━━━ INPUT RECORDS ━━━
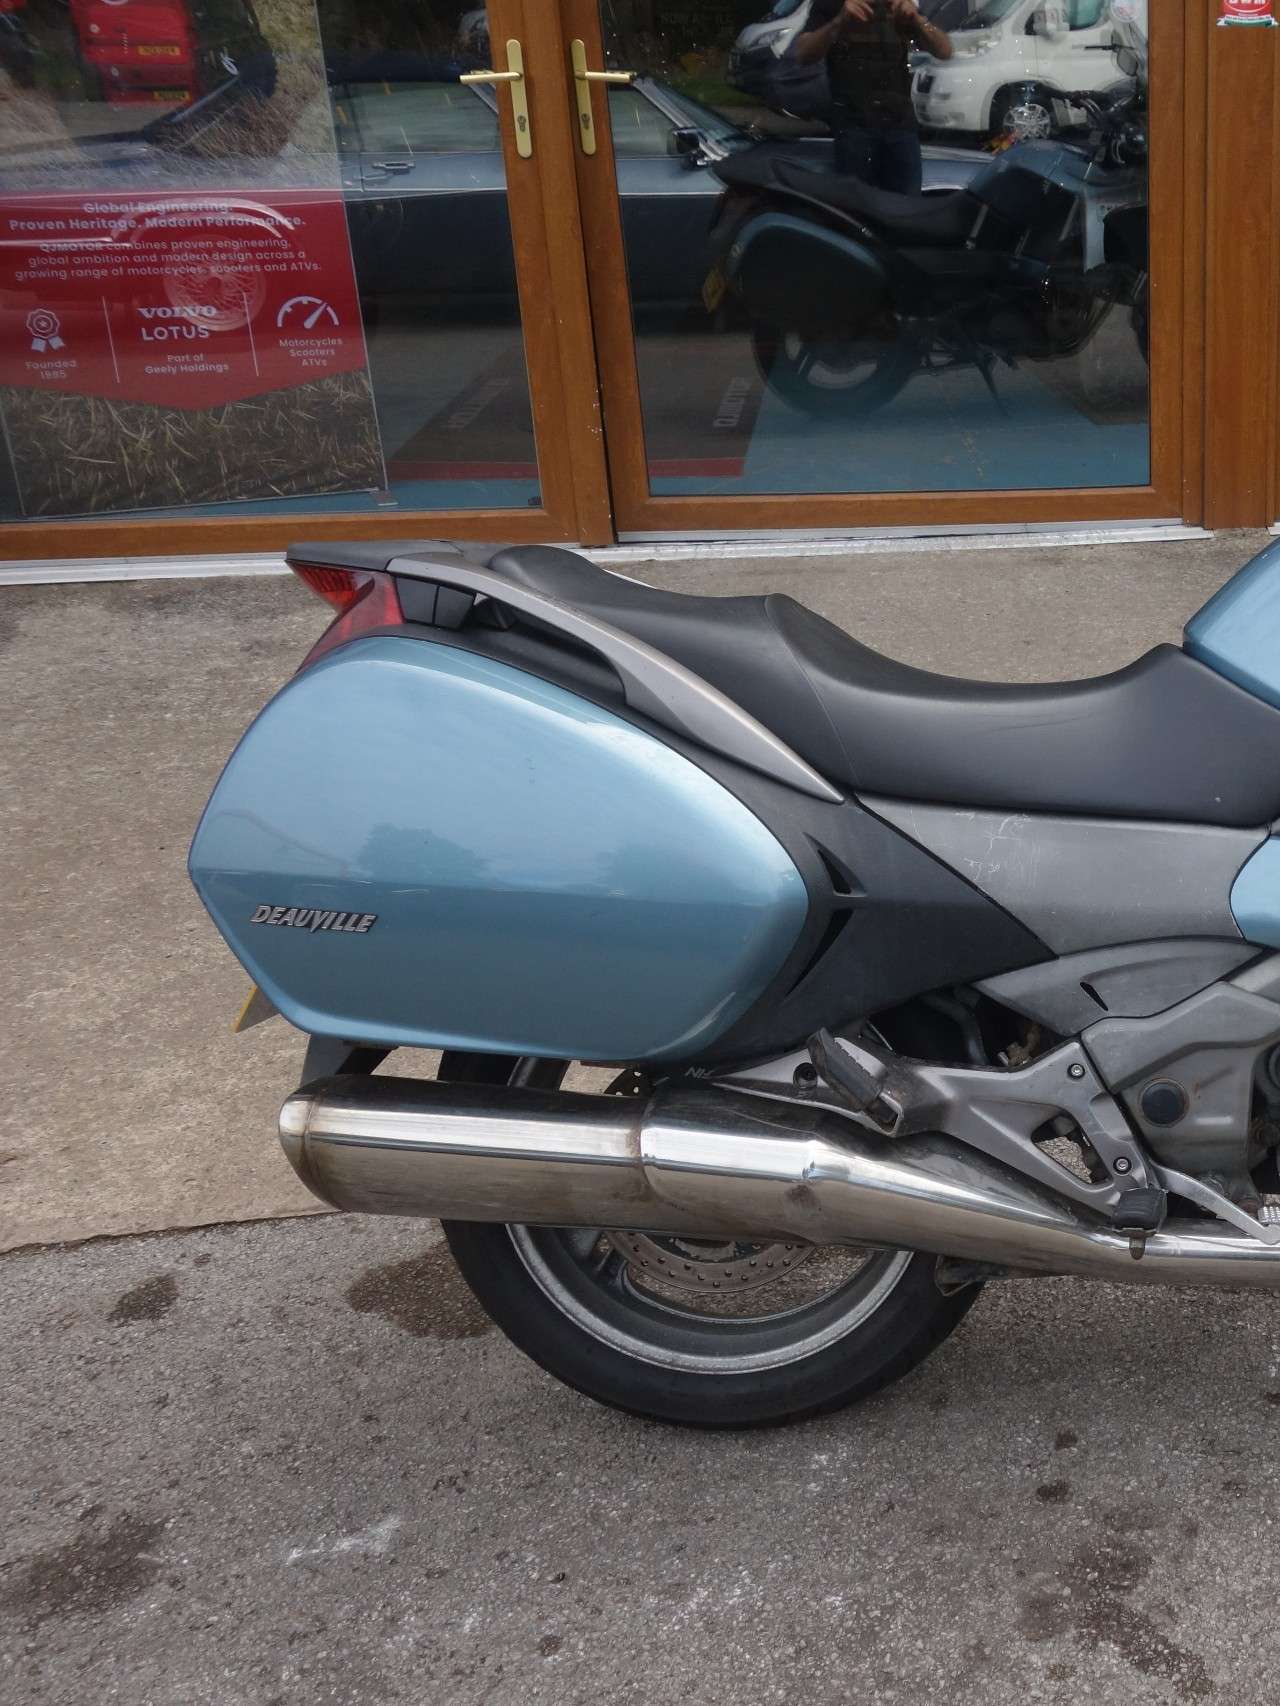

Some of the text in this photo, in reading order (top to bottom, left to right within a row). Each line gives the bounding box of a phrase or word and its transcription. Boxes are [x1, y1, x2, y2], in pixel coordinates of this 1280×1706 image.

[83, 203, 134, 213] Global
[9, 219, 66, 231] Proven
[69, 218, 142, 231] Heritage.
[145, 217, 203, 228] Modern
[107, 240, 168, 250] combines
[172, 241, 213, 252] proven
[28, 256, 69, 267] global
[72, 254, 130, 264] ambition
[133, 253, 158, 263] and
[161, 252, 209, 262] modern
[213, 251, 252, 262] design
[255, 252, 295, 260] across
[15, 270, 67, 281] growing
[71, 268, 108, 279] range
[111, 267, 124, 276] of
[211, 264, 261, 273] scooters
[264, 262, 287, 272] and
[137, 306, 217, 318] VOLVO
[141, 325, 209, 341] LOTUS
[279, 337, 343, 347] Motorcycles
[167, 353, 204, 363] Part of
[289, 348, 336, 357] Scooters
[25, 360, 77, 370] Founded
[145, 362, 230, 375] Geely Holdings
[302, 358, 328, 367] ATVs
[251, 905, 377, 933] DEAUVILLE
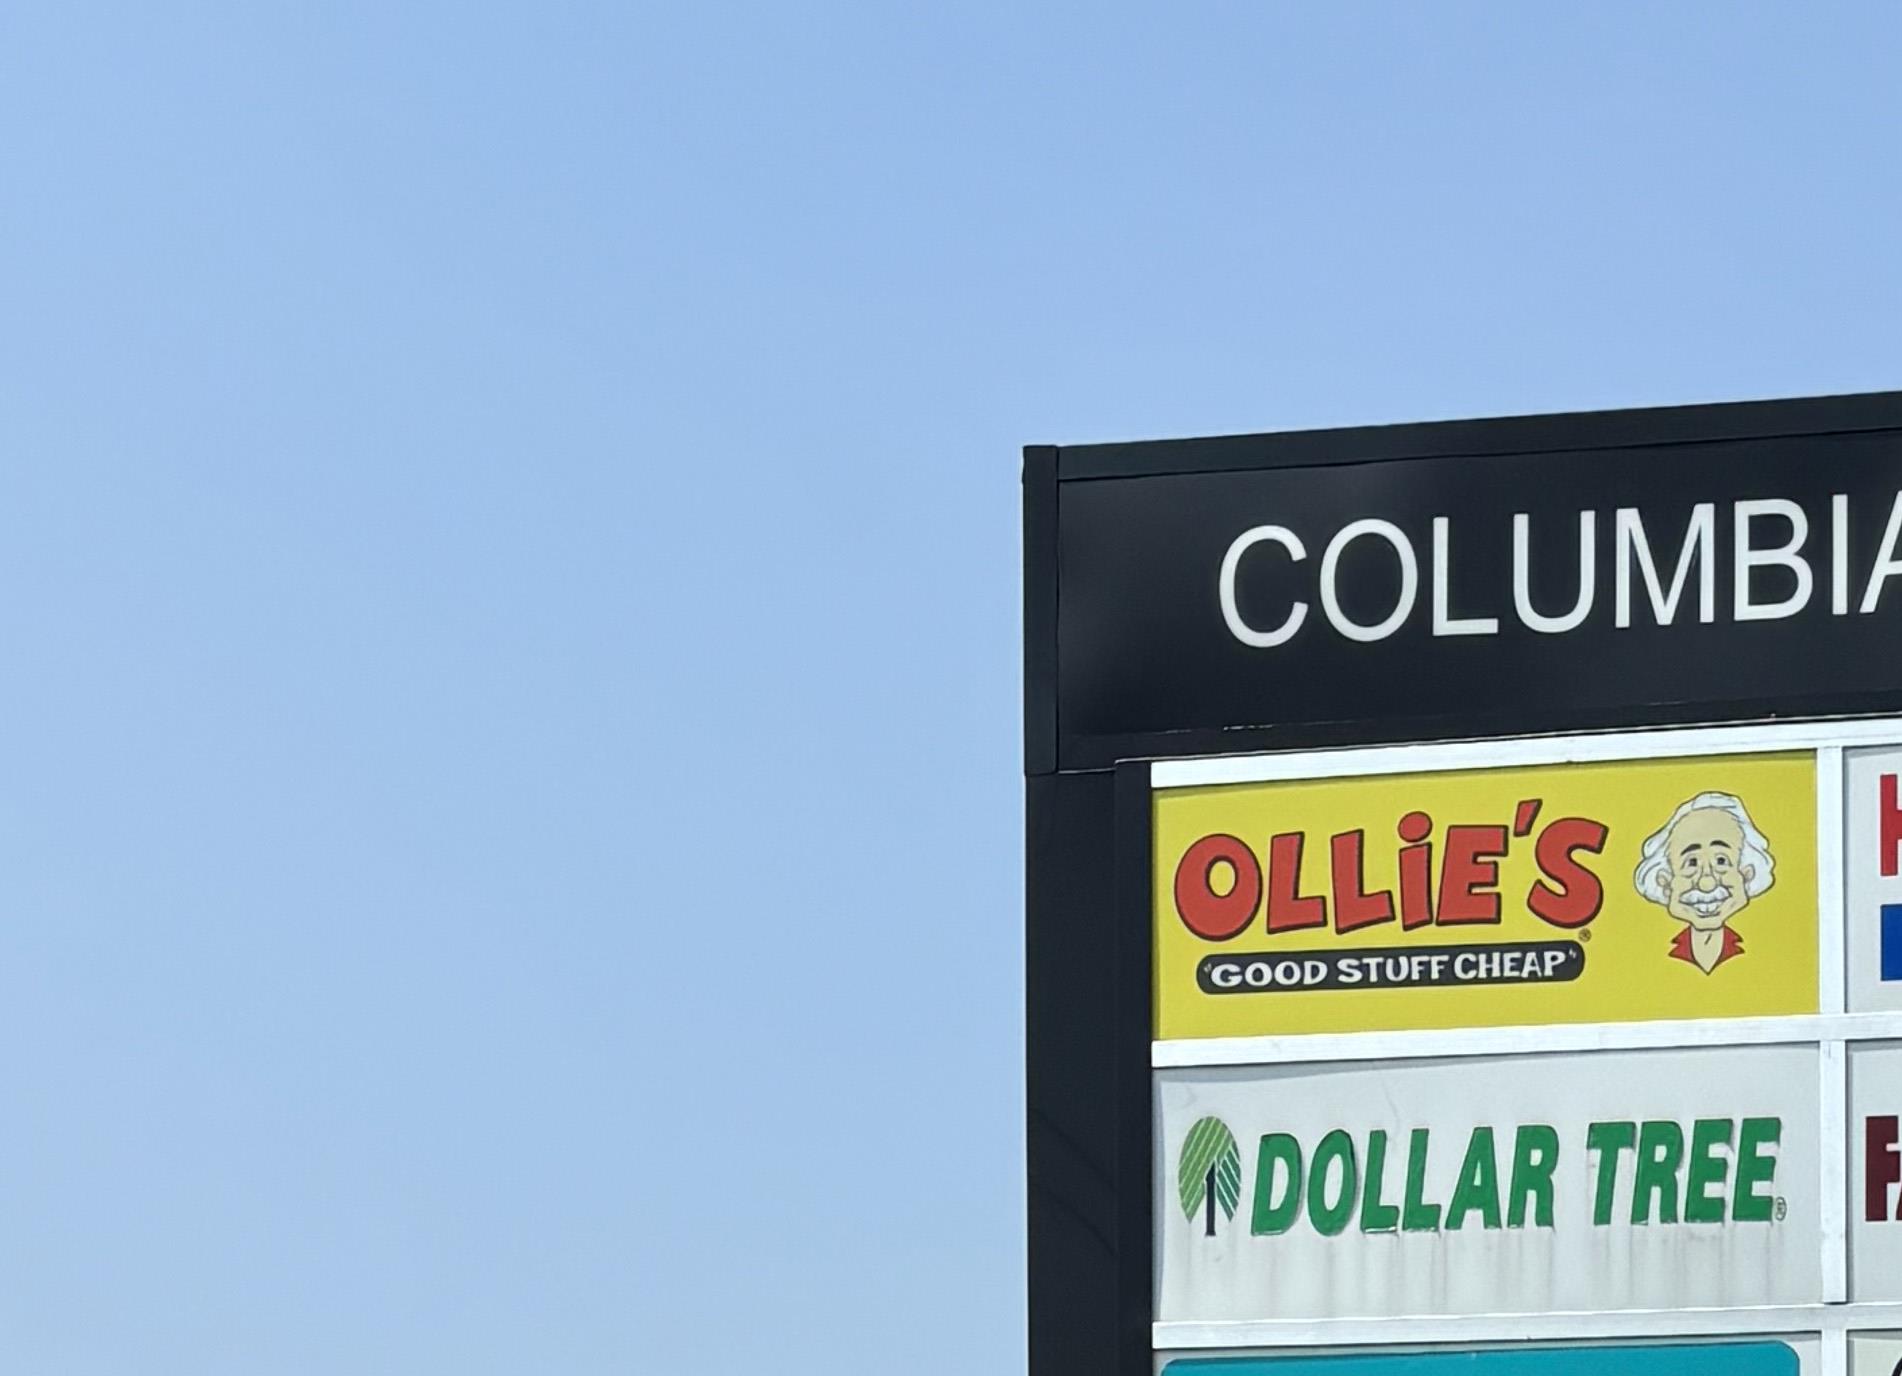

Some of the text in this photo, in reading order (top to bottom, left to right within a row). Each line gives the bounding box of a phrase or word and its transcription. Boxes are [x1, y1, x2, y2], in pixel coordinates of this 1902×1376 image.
━━━
* [WHAT TO DO]:
Full transcription of the material, exact in every line, without images.

* [TASK ANSWER]:
Some of the text in this photo, in reading order (top to bottom, left to right within a row). Each line gives the bounding box of a phrase or word and its transcription. Boxes are [x1, y1, x2, y2], in pixel coordinates of this 1280×1706 image.

[83, 203, 134, 213] Global
[9, 219, 66, 231] Proven
[69, 218, 142, 231] Heritage.
[145, 217, 203, 228] Modern
[107, 240, 168, 250] combines
[172, 241, 213, 252] proven
[28, 256, 69, 267] global
[72, 254, 130, 264] ambition
[133, 253, 158, 263] and
[161, 252, 209, 262] modern
[213, 251, 252, 262] design
[255, 252, 295, 260] across
[15, 270, 67, 281] growing
[71, 268, 108, 279] range
[111, 267, 124, 276] of
[211, 264, 261, 273] scooters
[264, 262, 287, 272] and
[137, 306, 217, 318] VOLVO
[141, 325, 209, 341] LOTUS
[279, 337, 343, 347] Motorcycles
[167, 353, 204, 363] Part of
[289, 348, 336, 357] Scooters
[25, 360, 77, 370] Founded
[145, 362, 230, 375] Geely Holdings
[302, 358, 328, 367] ATVs
[251, 905, 377, 933] DEAUVILLE

Some of the text in this photo, in reading order (top to bottom, left to right within a row). Each line gives the bounding box of a phrase or word and its transcription. Boxes are [x1, y1, x2, y2], in pixel coordinates of this 1902×1376 image.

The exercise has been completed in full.